Problem requirements – Set down the records exactly, and omit any image found in them.

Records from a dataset
####################
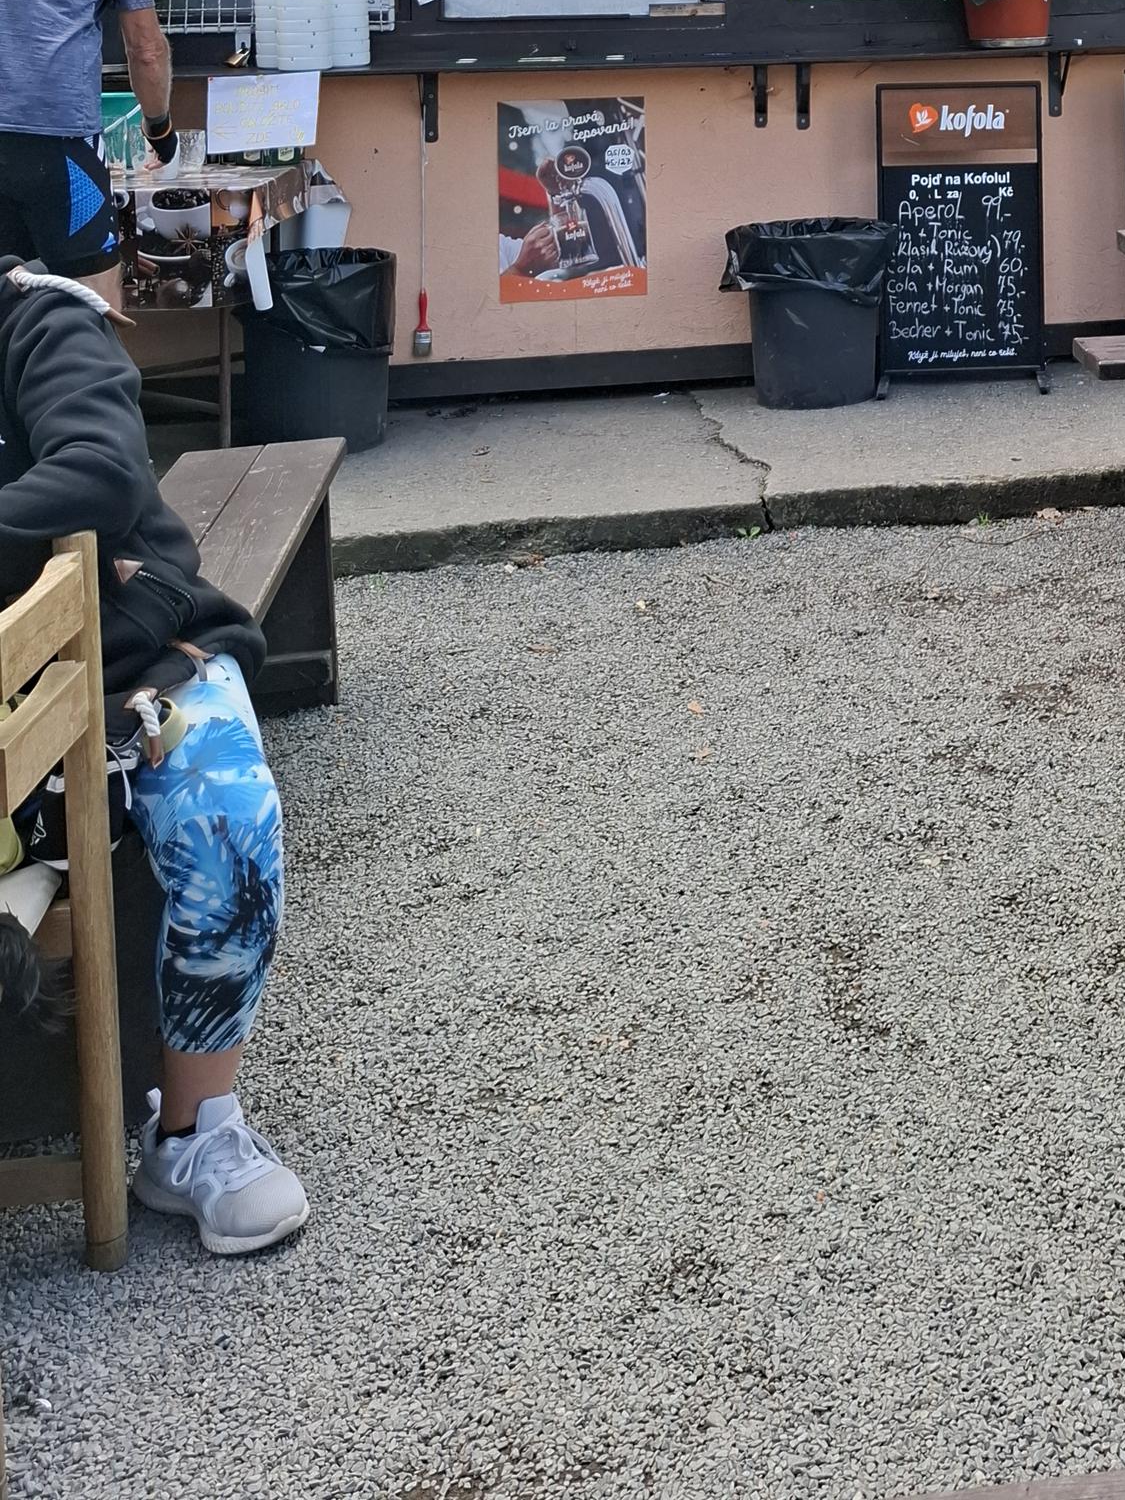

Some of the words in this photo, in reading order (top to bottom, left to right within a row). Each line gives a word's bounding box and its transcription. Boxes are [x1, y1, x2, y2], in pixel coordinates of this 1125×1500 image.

[508, 124, 541, 139] Jsem
[545, 119, 558, 131] ta
[573, 116, 634, 142] čepovaná!
[939, 104, 1006, 138] kofola
[911, 174, 942, 188] Pojď
[946, 175, 960, 185] na
[964, 171, 1010, 185] Kofolu!
[947, 190, 959, 199] za
[999, 186, 1014, 197] Kč
[929, 222, 972, 241] Tonic
[944, 259, 978, 276] Rum
[887, 276, 917, 293] Cola
[889, 293, 938, 315] Fernet
[889, 318, 941, 340] Becher
[953, 321, 995, 342] Tonic
[908, 350, 929, 363] Když
####################
Answer box –
Some of the words in this photo, in reading order (top to bottom, left to right within a row). Each line gives a word's bounding box and its transcription. Boxes are [x1, y1, x2, y2], in pixel coordinates of this 1125×1500 image.

[508, 124, 541, 139] Jsem
[545, 119, 558, 131] ta
[573, 116, 634, 142] čepovaná!
[939, 104, 1006, 138] kofola
[911, 174, 942, 188] Pojď
[946, 175, 960, 185] na
[964, 171, 1010, 185] Kofolu!
[947, 190, 959, 199] za
[999, 186, 1014, 197] Kč
[929, 222, 972, 241] Tonic
[944, 259, 978, 276] Rum
[887, 276, 917, 293] Cola
[889, 293, 938, 315] Fernet
[889, 318, 941, 340] Becher
[953, 321, 995, 342] Tonic
[908, 350, 929, 363] Když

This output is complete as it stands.